(Collected data)
----------

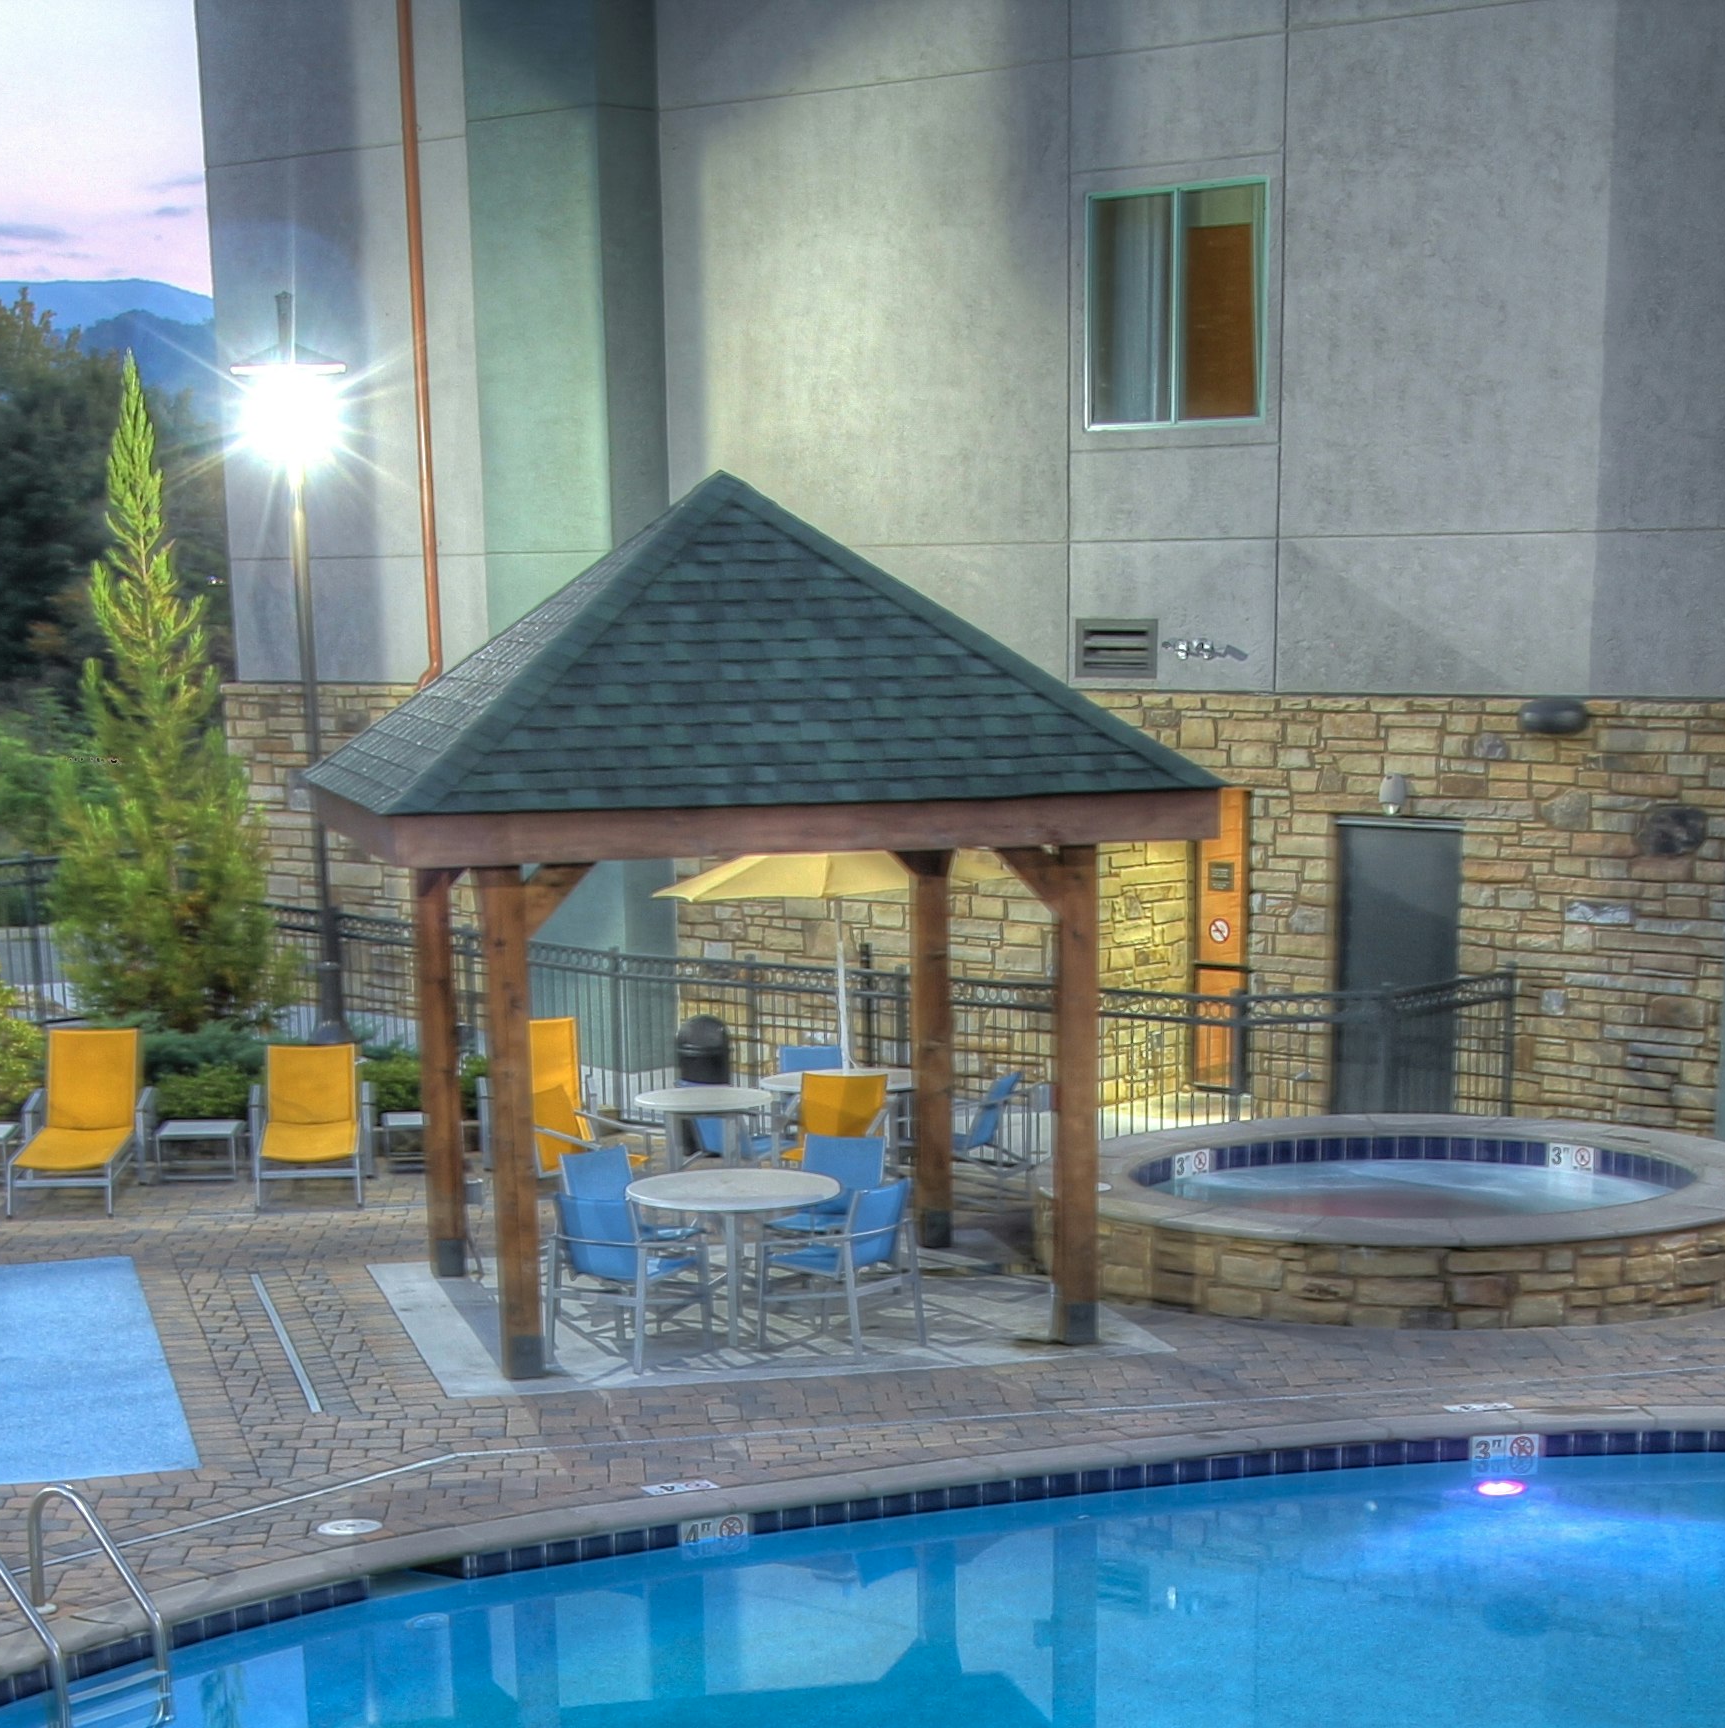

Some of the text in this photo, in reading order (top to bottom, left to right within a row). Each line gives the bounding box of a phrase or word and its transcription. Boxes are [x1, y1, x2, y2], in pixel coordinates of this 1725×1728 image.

[1551, 1146, 1562, 1165] 3
[1176, 1156, 1185, 1176] 3
[1475, 1439, 1502, 1460] 3 FT
[684, 1521, 712, 1544] 4 FT
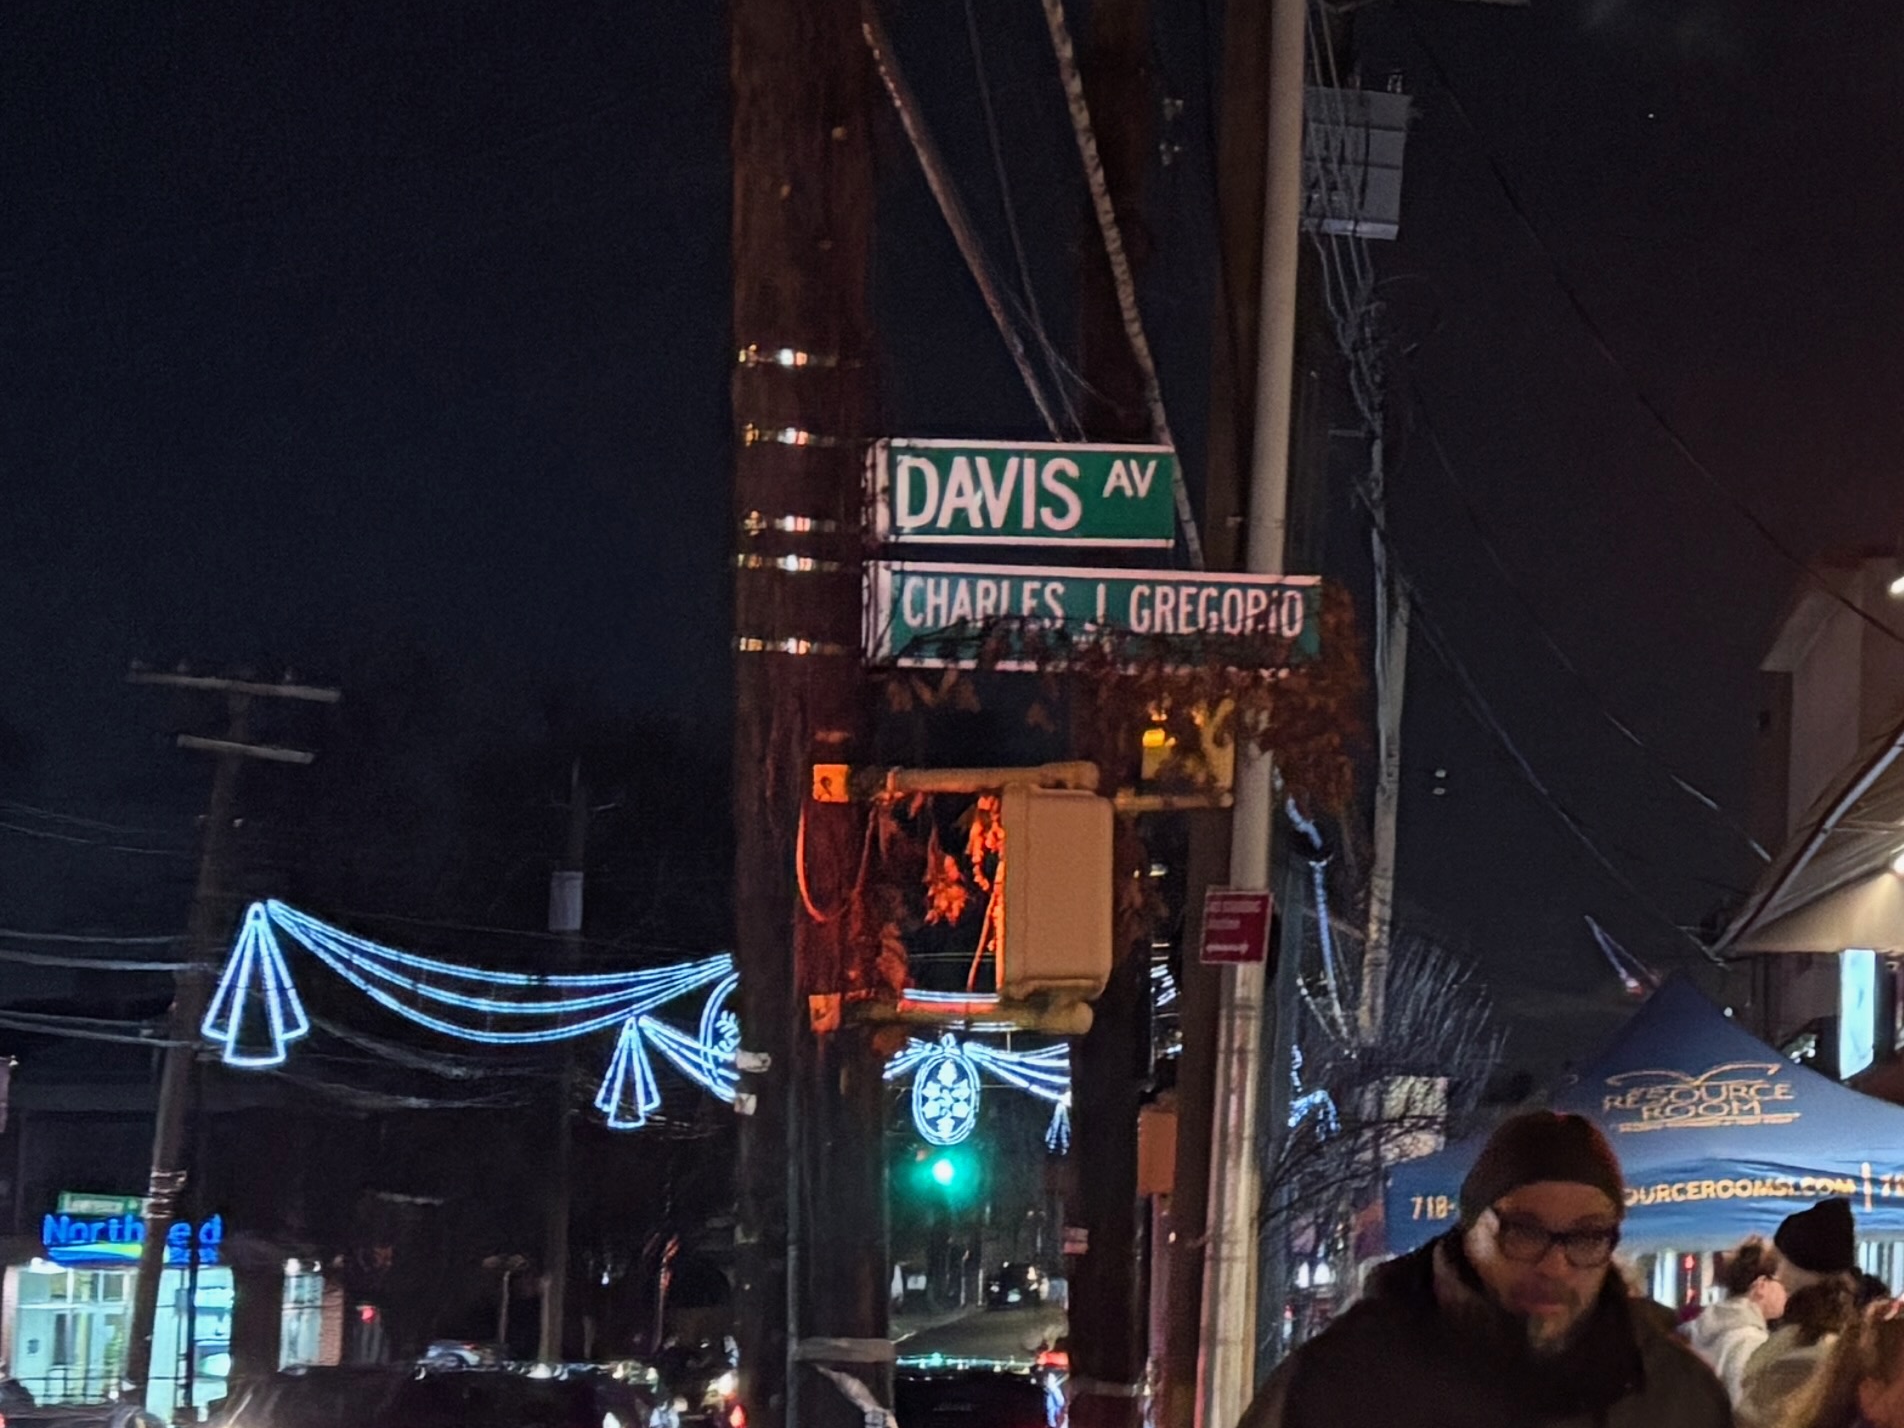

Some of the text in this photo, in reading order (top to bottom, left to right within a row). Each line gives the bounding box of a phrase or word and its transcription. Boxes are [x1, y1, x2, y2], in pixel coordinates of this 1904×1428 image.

[895, 455, 1157, 531] DAVIS AV
[903, 577, 1065, 629] CHARLES
[1130, 584, 1304, 637] GREGORIO
[1602, 1082, 1795, 1112] RESOURCE
[1642, 1099, 1762, 1121] ROOM
[1624, 1176, 1856, 1207] OURCEROOMSI.COM
[43, 1214, 222, 1245] Northed

----------

What the task asks: Please print the entries above exactly. Skip every picture.

Solution:
Some of the text in this photo, in reading order (top to bottom, left to right within a row). Each line gives the bounding box of a phrase or word and its transcription. Boxes are [x1, y1, x2, y2], in pixel coordinates of this 1725×1728 image.

[1551, 1146, 1562, 1165] 3
[1176, 1156, 1185, 1176] 3
[1475, 1439, 1502, 1460] 3 FT
[684, 1521, 712, 1544] 4 FT

Some of the text in this photo, in reading order (top to bottom, left to right within a row). Each line gives the bounding box of a phrase or word and its transcription. Boxes are [x1, y1, x2, y2], in pixel coordinates of this 1904×1428 image.

[895, 455, 1157, 531] DAVIS AV
[903, 577, 1065, 629] CHARLES
[1130, 584, 1304, 637] GREGORIO
[1602, 1082, 1795, 1112] RESOURCE
[1642, 1099, 1762, 1121] ROOM
[1624, 1176, 1856, 1207] OURCEROOMSI.COM
[43, 1214, 222, 1245] Northed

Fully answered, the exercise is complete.